My Little Redemption is a two-year-old specialty store that sells women's wear crafted exclusively by Israelis. Owner Galit Carmely invited Kedem to Philadelphia as the featured designer for the fashion show she will host Wednesday night - "Kadima (Fashion Forward) by Kedem" - which will be his first in the United States. Kedem arrived Monday after presenting this latest collection he calls Forms to American specialty-store buyers during the East Coast's market week. To date, his clothes are available in 125 stores, up from 65 two years ago.

"My brand has really grown throughout the world," says Kedem, who has been working as a designer for 25 years, but who has only recently been able to bask in global recognition. "We want women to feel like women, feel good in our clothes. It is the Israeli way to make pieces that are warm, light, and freeing."

The evolution has been slow and steady, but awareness of Israeli designers has grown beyond industry giants Elie Tahari and Yigal Azrouel.

It started in the bridal market in the early 2000s as couturiers like Inbal Dror, Galia Hahav, and Julie Vino were gaining recognition outside Israel for body-skimming gowns coveted for deep décolletage, deeper splits, and lots of lace.

During the ensuing years, Tel Aviv's hip Dizengoff Street became fertile ground for start-up designers, said Iris D. Hami, who is on the board of the Israeli American Council in Philadelphia.

In 2009, Alon Livne became Project Runway Israel's first and only winner. After he debuted his New York Fashion Week collection in 2012, it wasn't long before celebrities like Beyoncé and Lady Gaga were flaunting his designs. Speaking of Queen Bey, she wore a gown from Dror's bridal collection during the 2016 Grammys and had her make several outfits for the singer's Lemonade tour.

Unlike the slinky evening and bridal wear Israeli designers are known for, the country's ready-to-wear pieces tend to be more modest, fluid, and artisanal.

Tel Aviv hosted its first Fashion Week in 2014, and the city's evolution into a modern-day style hub began. Designers - having saturated the market in a country the size of New Jersey - began to spread the word through social media, launching Facebook and Instagram pages. People who liked their work added them to their Pinterest dream boards.

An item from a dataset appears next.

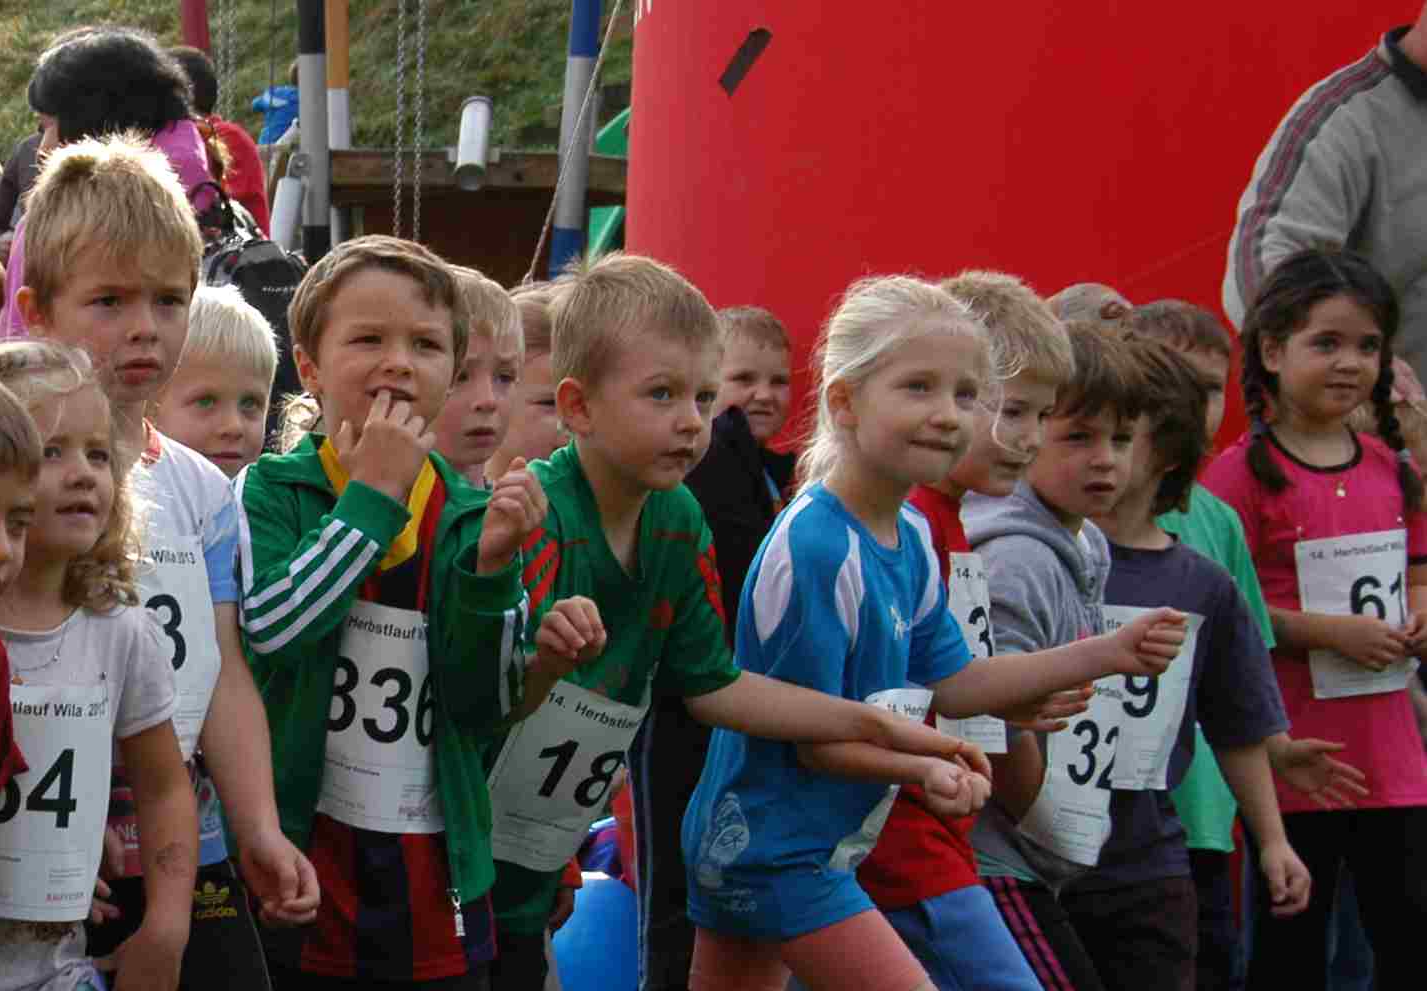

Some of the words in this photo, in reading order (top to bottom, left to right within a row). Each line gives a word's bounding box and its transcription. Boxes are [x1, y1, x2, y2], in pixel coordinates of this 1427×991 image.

It didn't hurt, either, that certain high-profile designers - from Rick Owens and Yeohlee, to Dao Yi-Chow and Maxwell Osbourne of Public School - were showing a variety of drop-crotch pants, tunics, long dresses, and dusters in viscose fabrics, similar to the comfortable and female-friendly looks Israeli designers often present. Nonetheless, it's noteworthy that such a small country is getting so much attention and looking as though it is on the cusp of making a fashion impact here.

"Israeli designers tend to be more rule-breakers," said Shahar Atooan, a Tel Aviv style journalist. With Israel's warmer climate, many people dress in layers, the foundation of seasonless clothes that are now in demand here, he said.

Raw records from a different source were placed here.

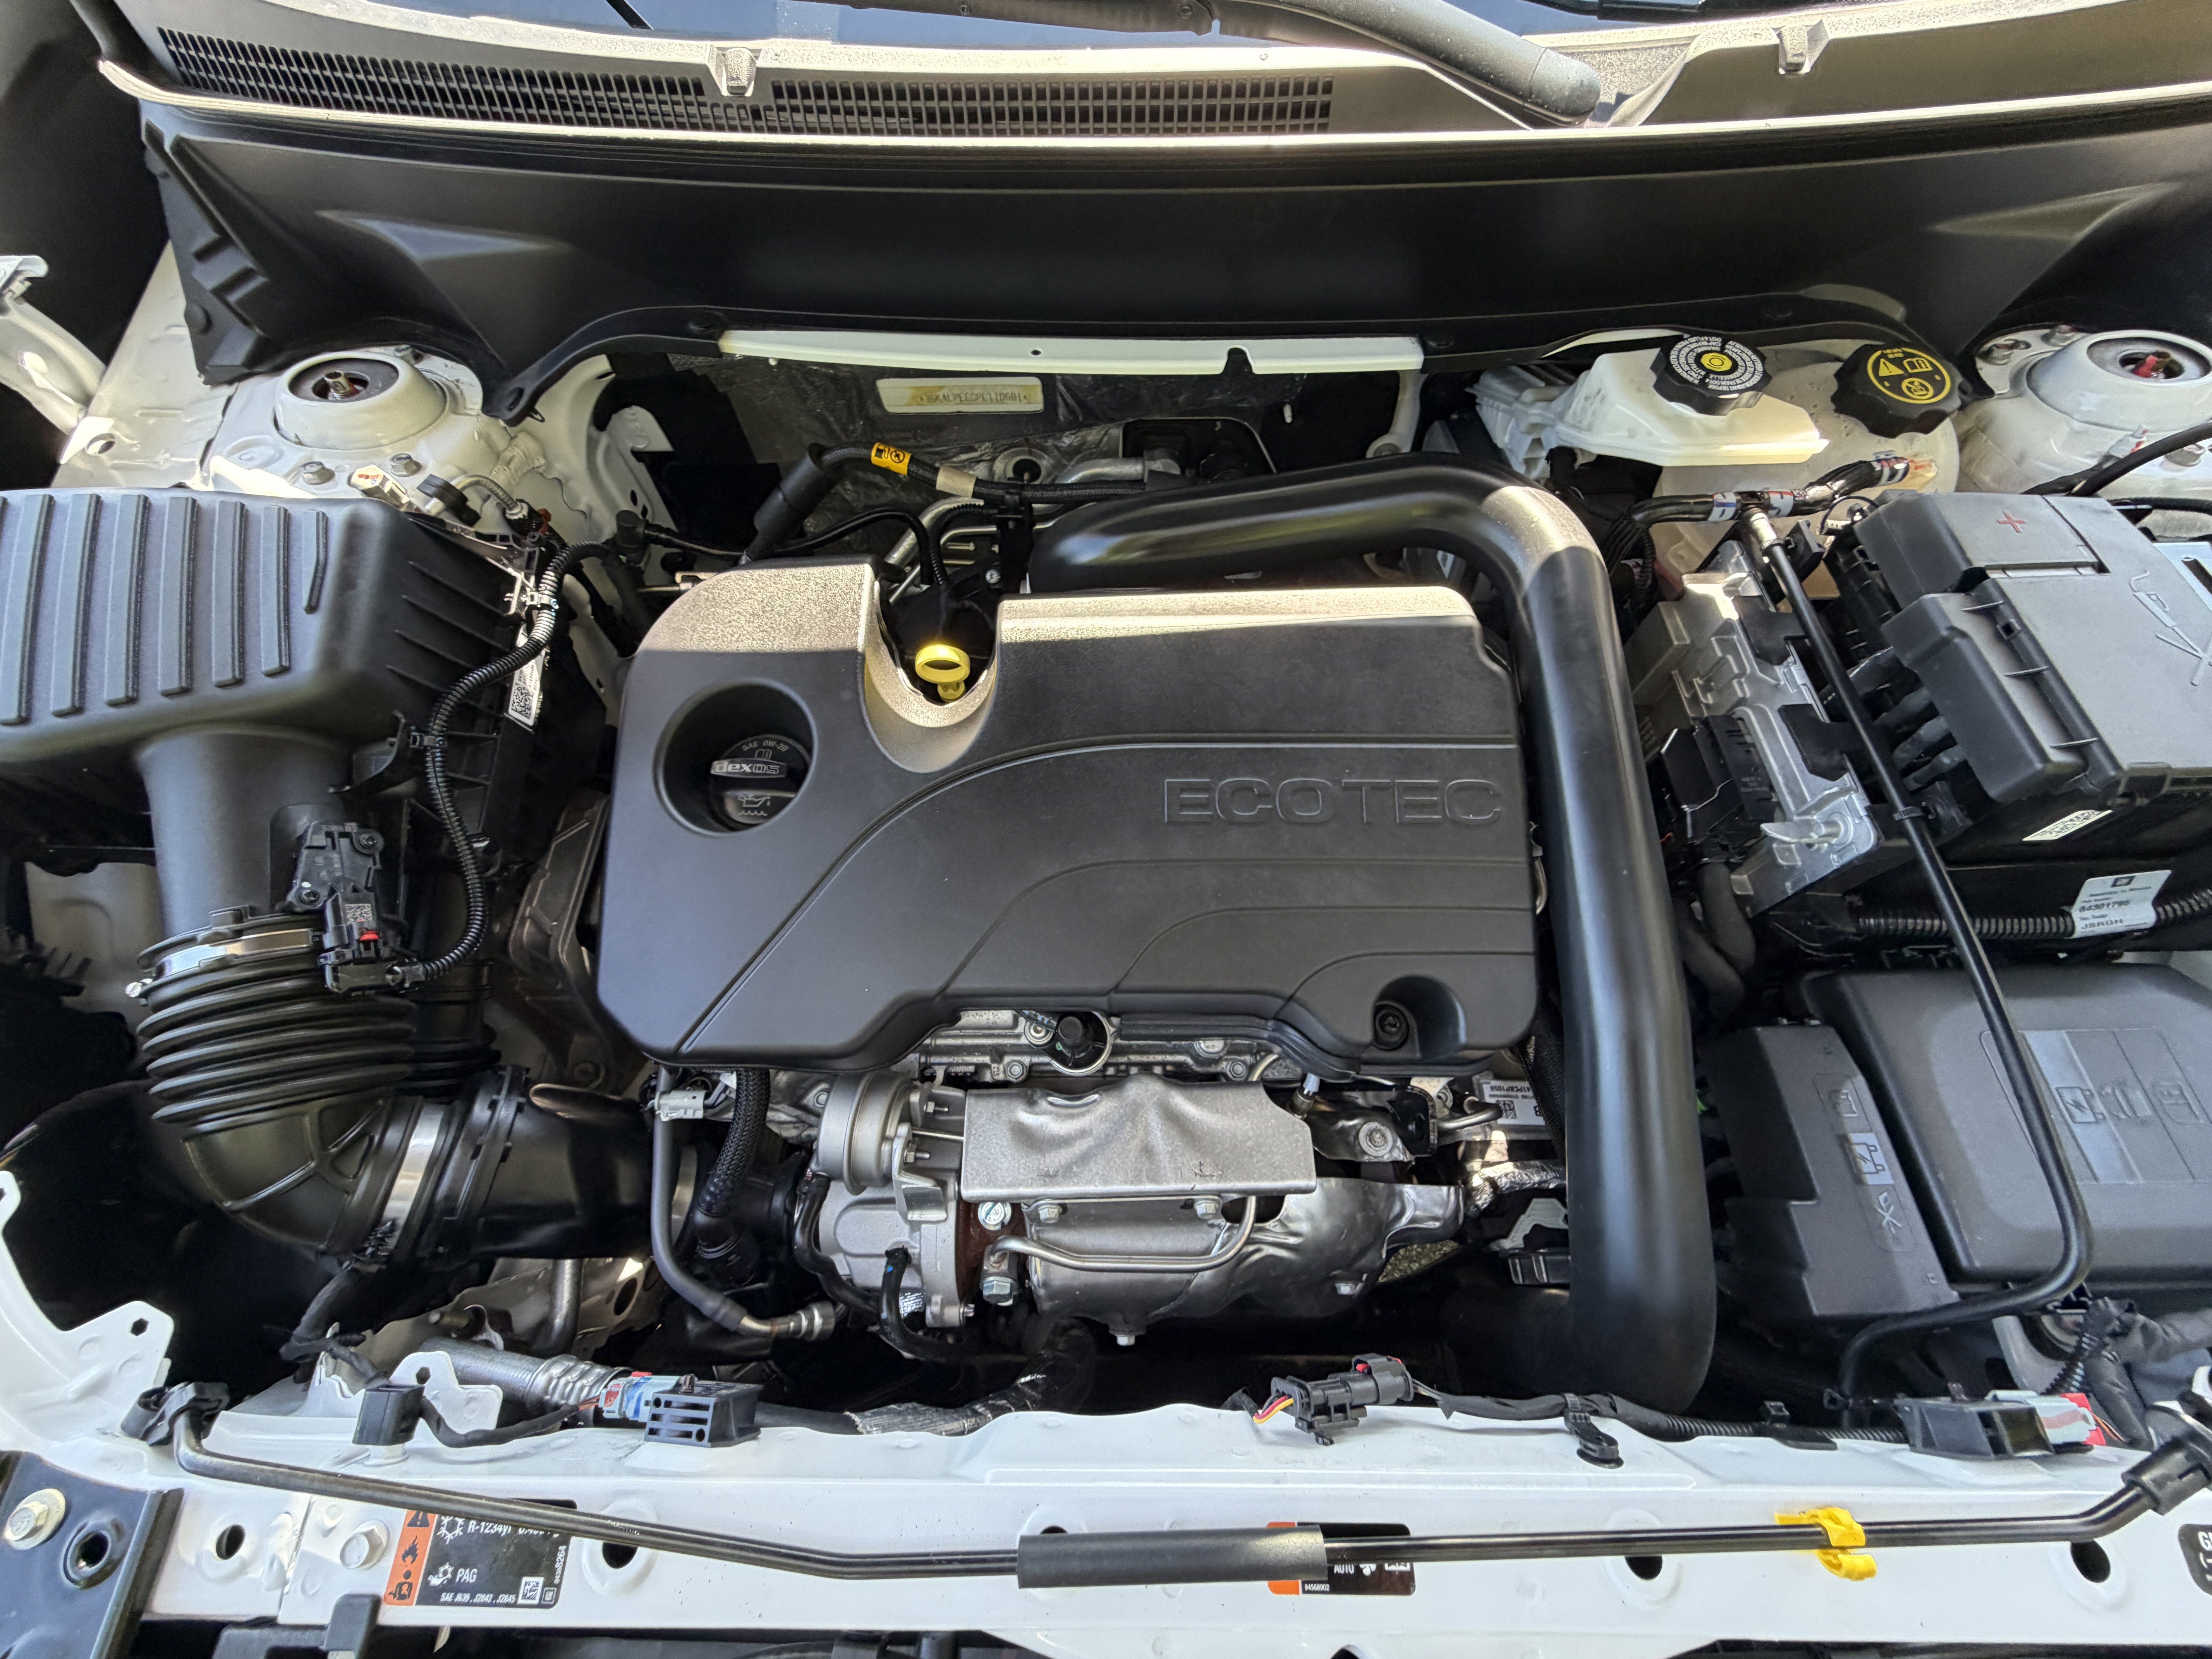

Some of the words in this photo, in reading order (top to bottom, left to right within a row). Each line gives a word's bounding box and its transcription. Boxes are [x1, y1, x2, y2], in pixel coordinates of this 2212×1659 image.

[742, 741, 759, 752] SAE
[763, 740, 789, 752] 0W-20
[1163, 778, 1502, 826] ECOTEC
[455, 1568, 478, 1583] PAG
[440, 1592, 454, 1602] SAE

Carmely, a native of Israel, had quit her job as the Hebrew coordinator at Gratz College in Elkins Park a few months before the first Tel Aviv Fashion Week. So when she learned about the collections, she was free to go. She would have a chance to visit her family, and maybe she would open her own shop, a dream of hers since age 14.

While in Tel Aviv, Carmely visited designers in their studios, introducing herself as someone who wanted to bring the styles from her country to the masses. Because of her job at Gratz, she had cultivated connections with Israeli artist types. Still, the designers, unlike in New York, Carmely said, are more open to walk-ins.

"I knew people would want it because the clothes feel so good," Carmely said. "They are roomy but skim a woman's body in the most delightful way."

Kedem - who says his clothes reflect a mix of Japanese and Moroccan influences - was among the first of the designers she carried.

With a total of eight designers - and no more than two pieces per style (most of the pieces are one-size-fits-all) - Carmely's 1,000-square-foot store looks more art gallery than retail shop, although, at $200 to $500 apiece, the clothing is definitely more precious than pedestrian.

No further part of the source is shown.